__TASK TO COMPLETE__
Where a record holds a picture, leave the picture out; otherwise repeat every record exactly.

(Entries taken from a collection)
-----
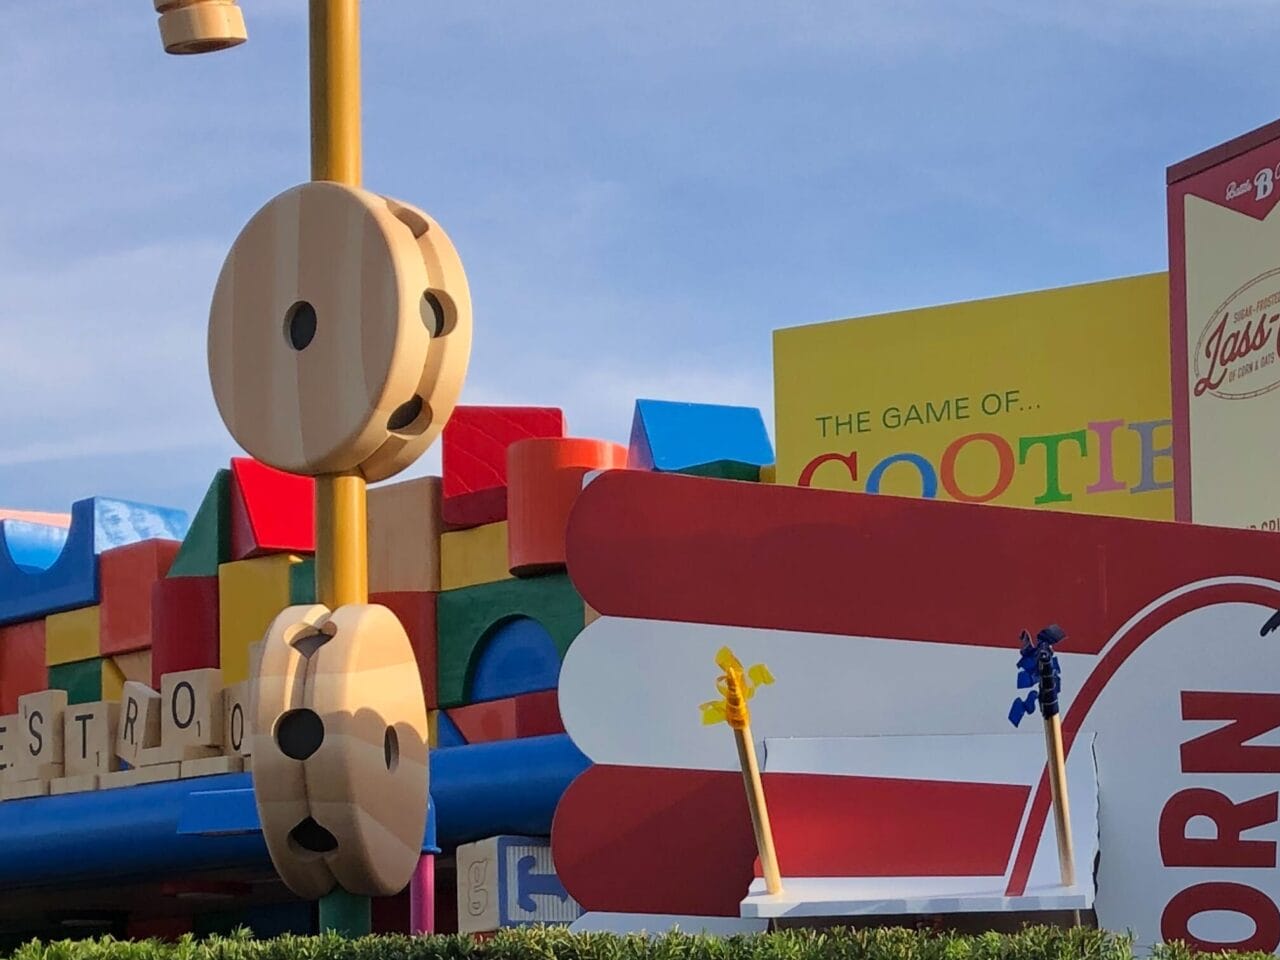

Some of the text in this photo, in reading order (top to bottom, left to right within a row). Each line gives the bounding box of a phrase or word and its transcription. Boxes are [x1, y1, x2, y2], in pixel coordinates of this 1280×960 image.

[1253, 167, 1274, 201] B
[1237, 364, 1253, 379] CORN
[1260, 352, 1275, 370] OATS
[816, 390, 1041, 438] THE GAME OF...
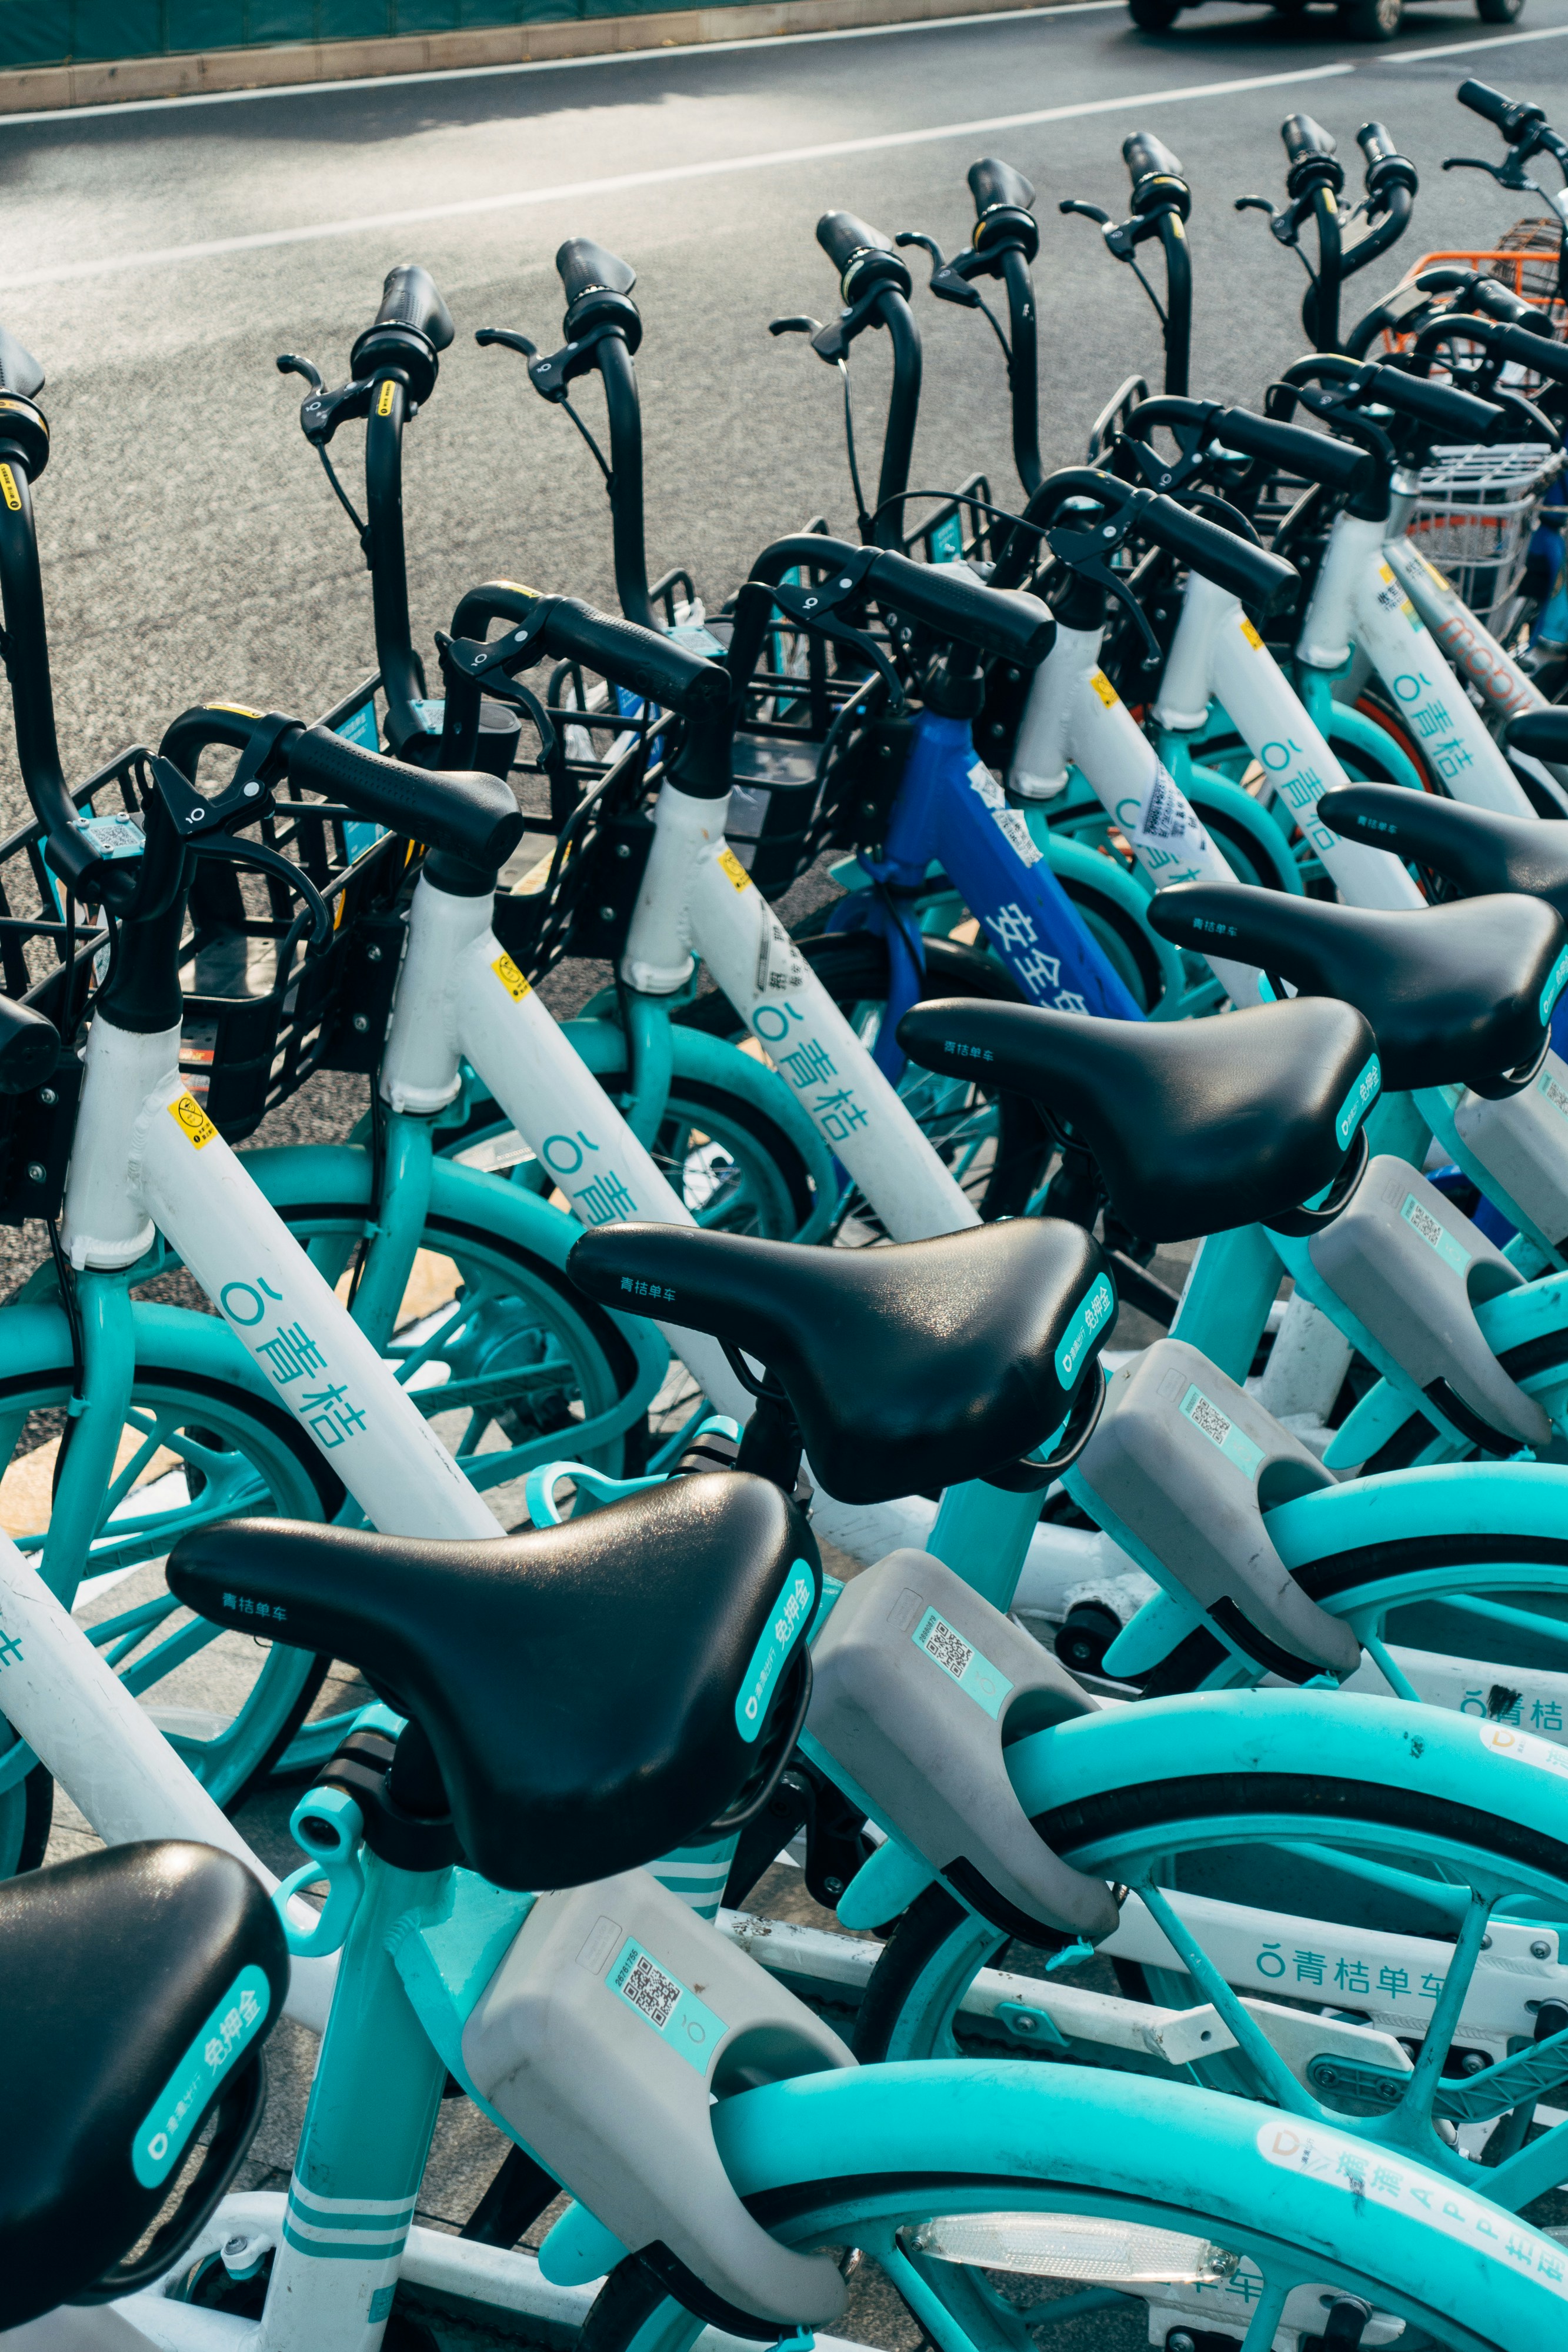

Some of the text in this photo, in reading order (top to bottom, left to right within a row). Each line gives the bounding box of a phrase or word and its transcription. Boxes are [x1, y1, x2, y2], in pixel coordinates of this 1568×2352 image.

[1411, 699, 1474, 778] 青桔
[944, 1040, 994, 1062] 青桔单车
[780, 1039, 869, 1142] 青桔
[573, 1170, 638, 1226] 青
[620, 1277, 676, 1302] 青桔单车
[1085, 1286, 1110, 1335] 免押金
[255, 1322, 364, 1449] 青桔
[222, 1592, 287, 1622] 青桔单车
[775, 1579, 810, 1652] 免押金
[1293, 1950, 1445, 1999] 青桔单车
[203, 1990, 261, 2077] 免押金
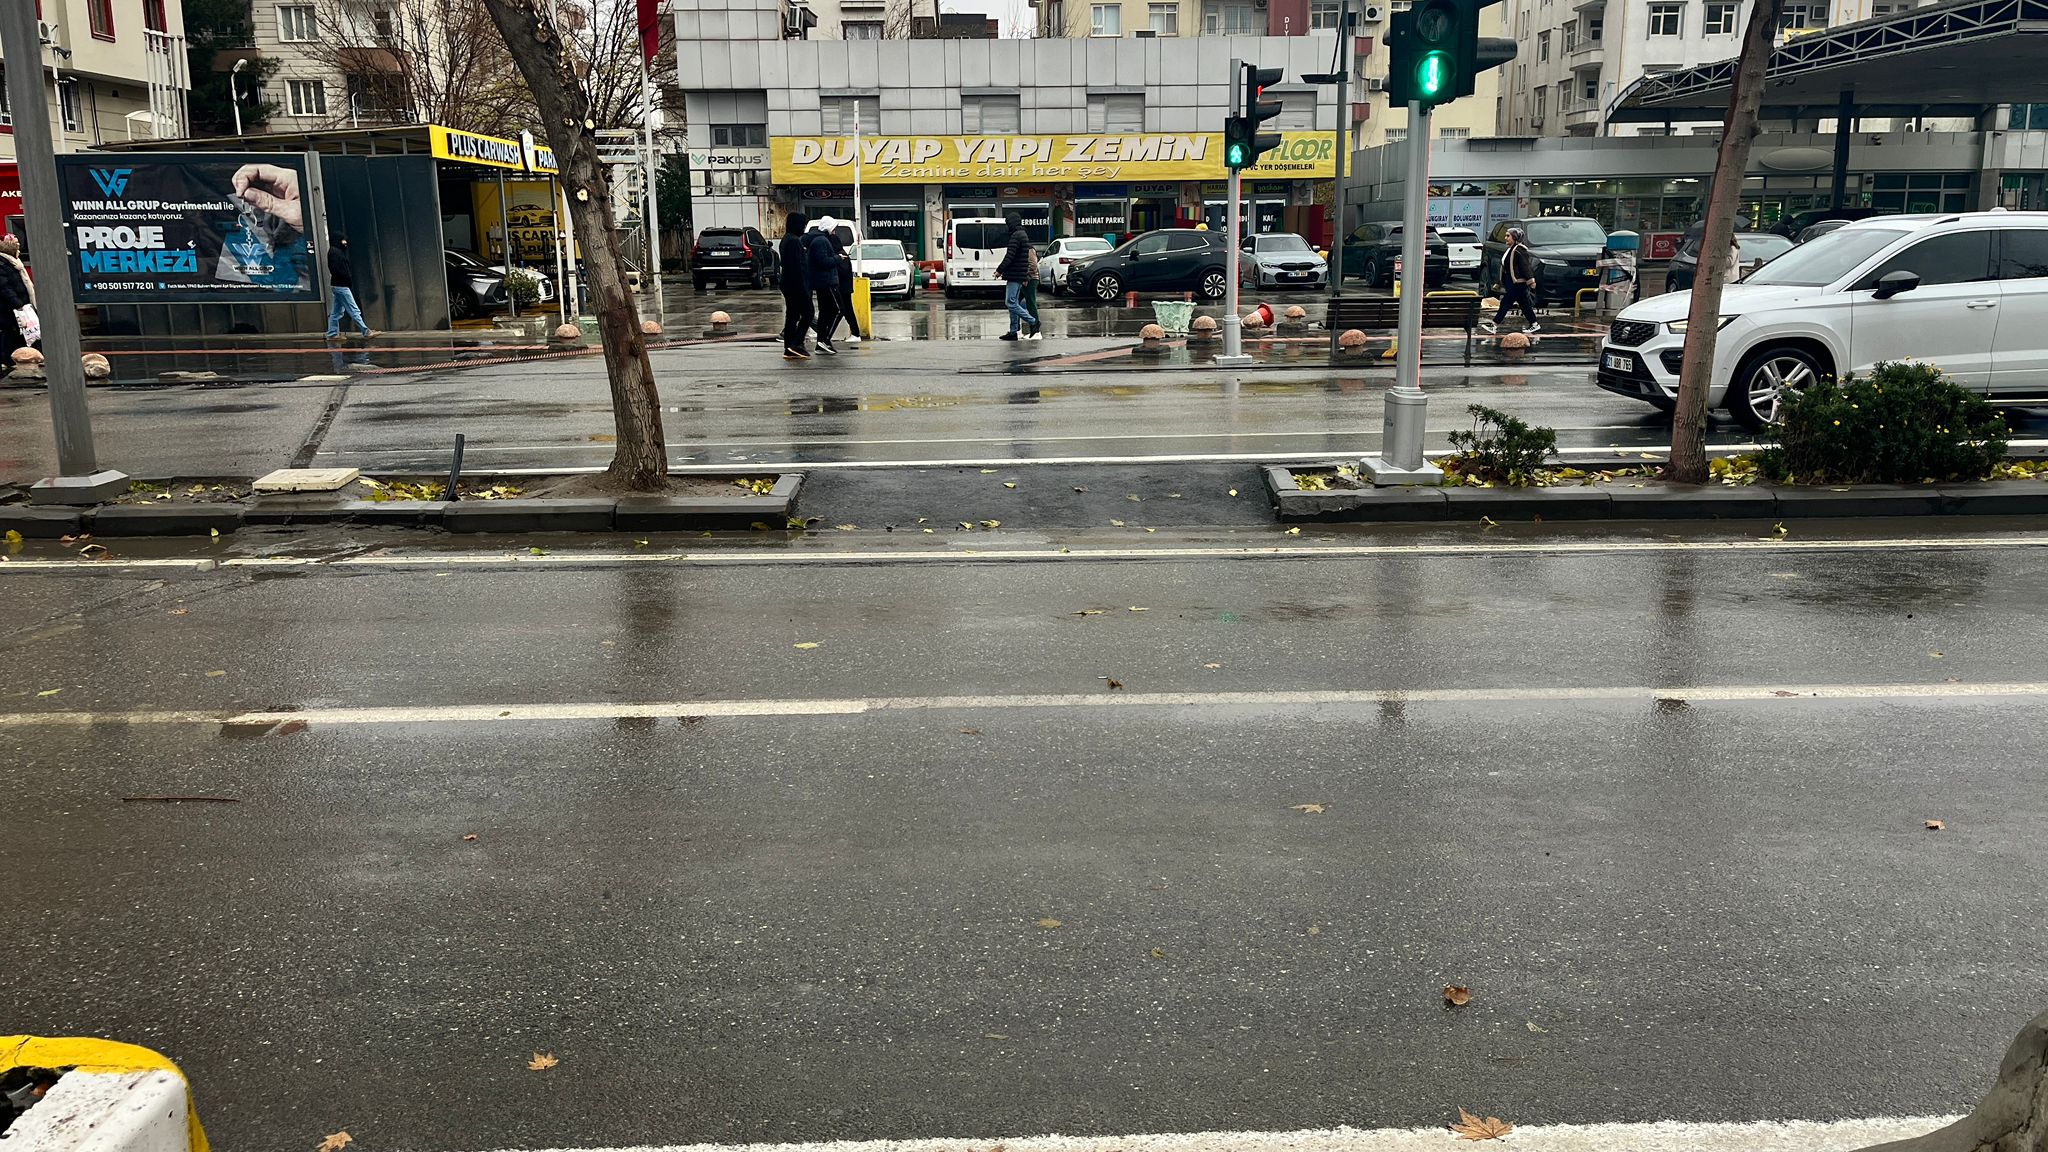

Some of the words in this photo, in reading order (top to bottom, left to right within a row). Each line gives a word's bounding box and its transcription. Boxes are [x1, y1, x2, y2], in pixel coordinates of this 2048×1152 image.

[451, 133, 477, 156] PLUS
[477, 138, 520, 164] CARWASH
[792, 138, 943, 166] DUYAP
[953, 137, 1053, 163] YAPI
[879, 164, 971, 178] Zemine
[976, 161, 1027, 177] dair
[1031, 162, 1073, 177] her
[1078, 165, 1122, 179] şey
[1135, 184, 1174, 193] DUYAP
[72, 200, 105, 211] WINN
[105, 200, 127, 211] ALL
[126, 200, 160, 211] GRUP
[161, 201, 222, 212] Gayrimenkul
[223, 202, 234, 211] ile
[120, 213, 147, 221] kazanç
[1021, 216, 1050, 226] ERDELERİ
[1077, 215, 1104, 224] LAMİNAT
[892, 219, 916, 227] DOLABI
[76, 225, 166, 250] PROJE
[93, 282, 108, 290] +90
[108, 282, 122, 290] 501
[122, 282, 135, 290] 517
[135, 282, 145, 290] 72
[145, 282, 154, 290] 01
-----
__TASK RESULT__
Some of the text in this photo, in reading order (top to bottom, left to right within a row). Each line gives the bounding box of a phrase or word and its transcription. Boxes are [x1, y1, x2, y2], in pixel coordinates of this 1280×960 image.

[1253, 167, 1274, 201] B
[1237, 364, 1253, 379] CORN
[1260, 352, 1275, 370] OATS
[816, 390, 1041, 438] THE GAME OF...

Some of the text in this photo, in reading order (top to bottom, left to right within a row). Each line gives the bounding box of a phrase or word and its transcription. Boxes are [x1, y1, x2, y2], in pixel coordinates of this 1568×2352 image.

[1411, 699, 1474, 778] 青桔
[944, 1040, 994, 1062] 青桔单车
[780, 1039, 869, 1142] 青桔
[573, 1170, 638, 1226] 青
[620, 1277, 676, 1302] 青桔单车
[1085, 1286, 1110, 1335] 免押金
[255, 1322, 364, 1449] 青桔
[222, 1592, 287, 1622] 青桔单车
[775, 1579, 810, 1652] 免押金
[1293, 1950, 1445, 1999] 青桔单车
[203, 1990, 261, 2077] 免押金

Some of the words in this photo, in reading order (top to bottom, left to right within a row). Each line gives a word's bounding box and its transcription. Boxes are [x1, y1, x2, y2], in pixel coordinates of this 2048×1152 image.

[451, 133, 477, 156] PLUS
[477, 138, 520, 164] CARWASH
[792, 138, 943, 166] DUYAP
[953, 137, 1053, 163] YAPI
[879, 164, 971, 178] Zemine
[976, 161, 1027, 177] dair
[1031, 162, 1073, 177] her
[1078, 165, 1122, 179] şey
[1135, 184, 1174, 193] DUYAP
[72, 200, 105, 211] WINN
[105, 200, 127, 211] ALL
[126, 200, 160, 211] GRUP
[161, 201, 222, 212] Gayrimenkul
[223, 202, 234, 211] ile
[120, 213, 147, 221] kazanç
[1021, 216, 1050, 226] ERDELERİ
[1077, 215, 1104, 224] LAMİNAT
[892, 219, 916, 227] DOLABI
[76, 225, 166, 250] PROJE
[93, 282, 108, 290] +90
[108, 282, 122, 290] 501
[122, 282, 135, 290] 517
[135, 282, 145, 290] 72
[145, 282, 154, 290] 01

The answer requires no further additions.